#### Task description:
For every record that follows, transcribe the text exactly and leave any image out.

Source records
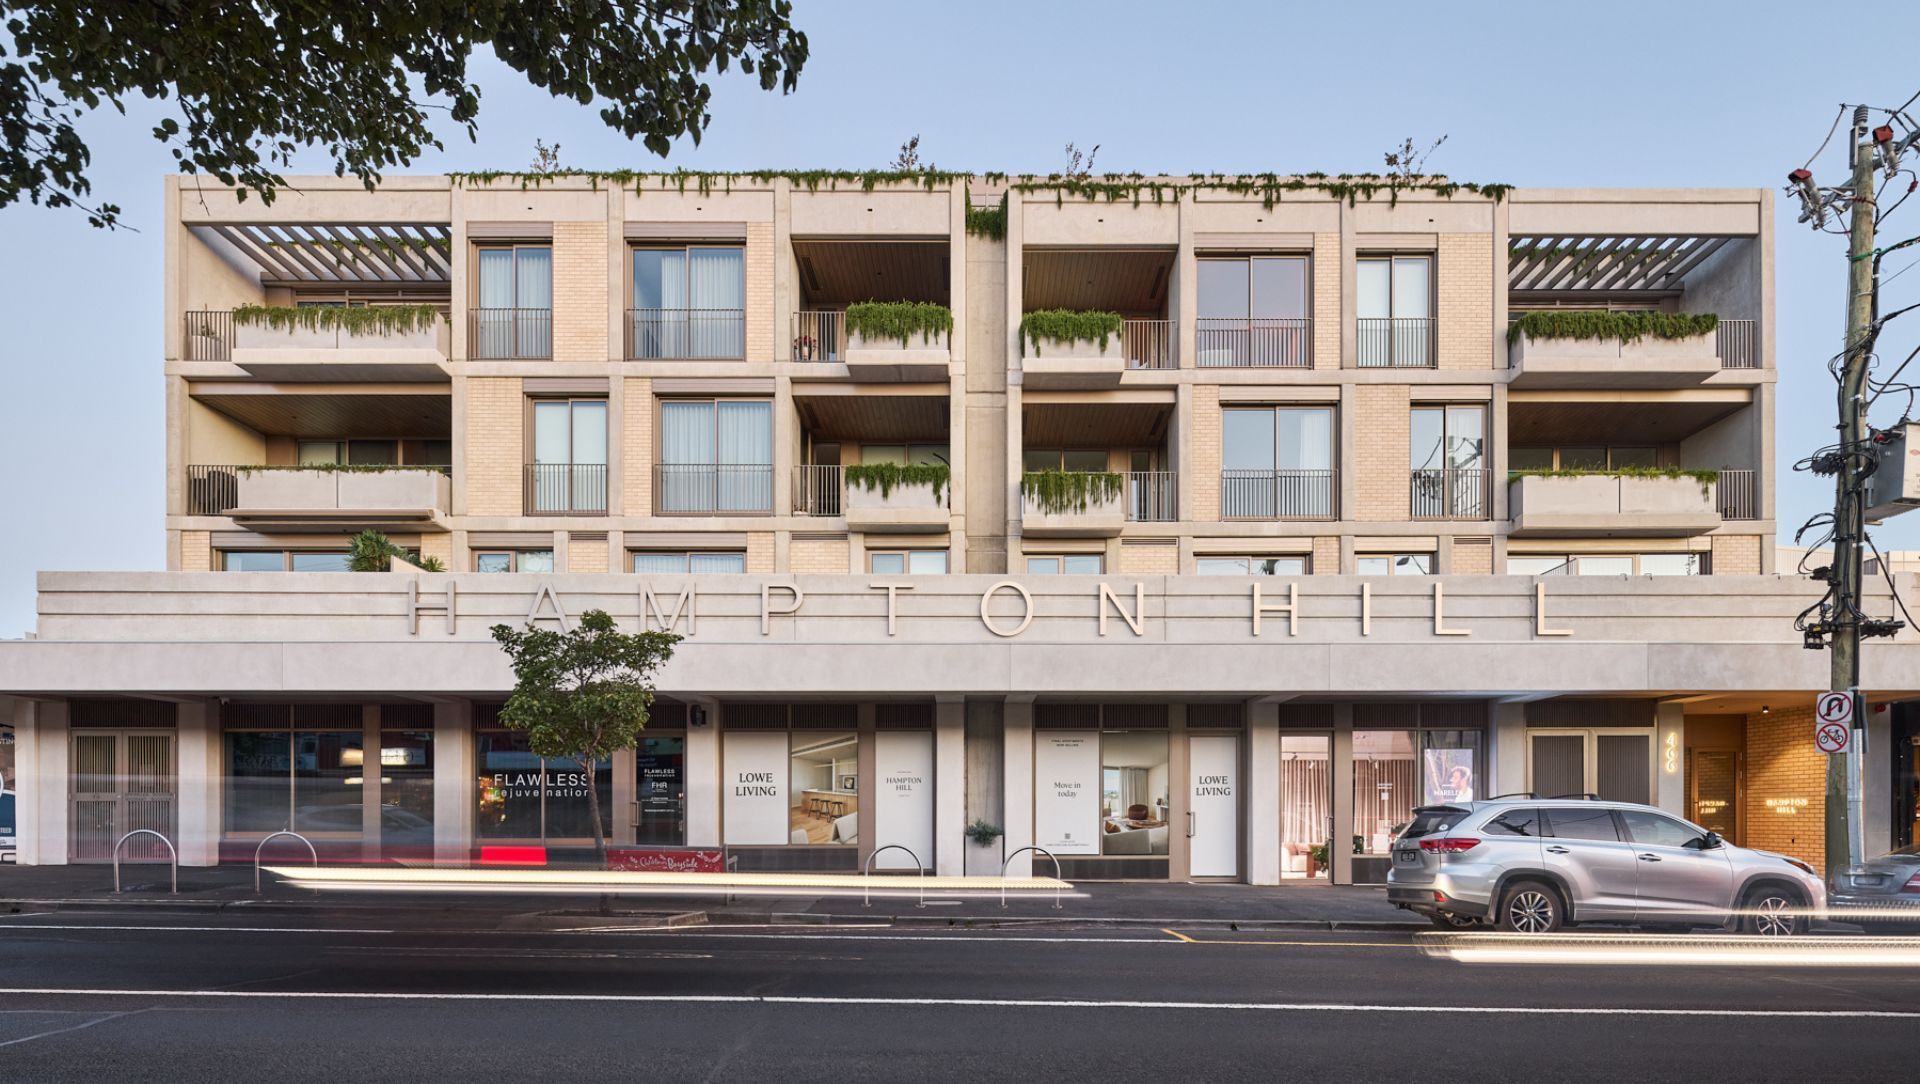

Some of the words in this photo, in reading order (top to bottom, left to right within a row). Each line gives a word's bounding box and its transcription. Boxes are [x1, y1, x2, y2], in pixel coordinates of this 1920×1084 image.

[408, 580, 1144, 637] HAMPTON
[1252, 582, 1574, 635] HILL
[1666, 732, 1678, 772] 466
[494, 774, 588, 786] FLAWLESS
[739, 772, 773, 783] LOWE
[1199, 776, 1228, 784] LOWE
[1074, 781, 1081, 789] in
[736, 786, 776, 796] LIVING
[1058, 790, 1077, 798] today
[1196, 787, 1231, 796] LIVING

#### Solved problem:
Some of the words in this photo, in reading order (top to bottom, left to right within a row). Each line gives a word's bounding box and its transcription. Boxes are [x1, y1, x2, y2], in pixel coordinates of this 1920×1084 image.

[408, 580, 1144, 637] HAMPTON
[1252, 582, 1574, 635] HILL
[1666, 732, 1678, 772] 466
[494, 774, 588, 786] FLAWLESS
[739, 772, 773, 783] LOWE
[1199, 776, 1228, 784] LOWE
[1074, 781, 1081, 789] in
[736, 786, 776, 796] LIVING
[1058, 790, 1077, 798] today
[1196, 787, 1231, 796] LIVING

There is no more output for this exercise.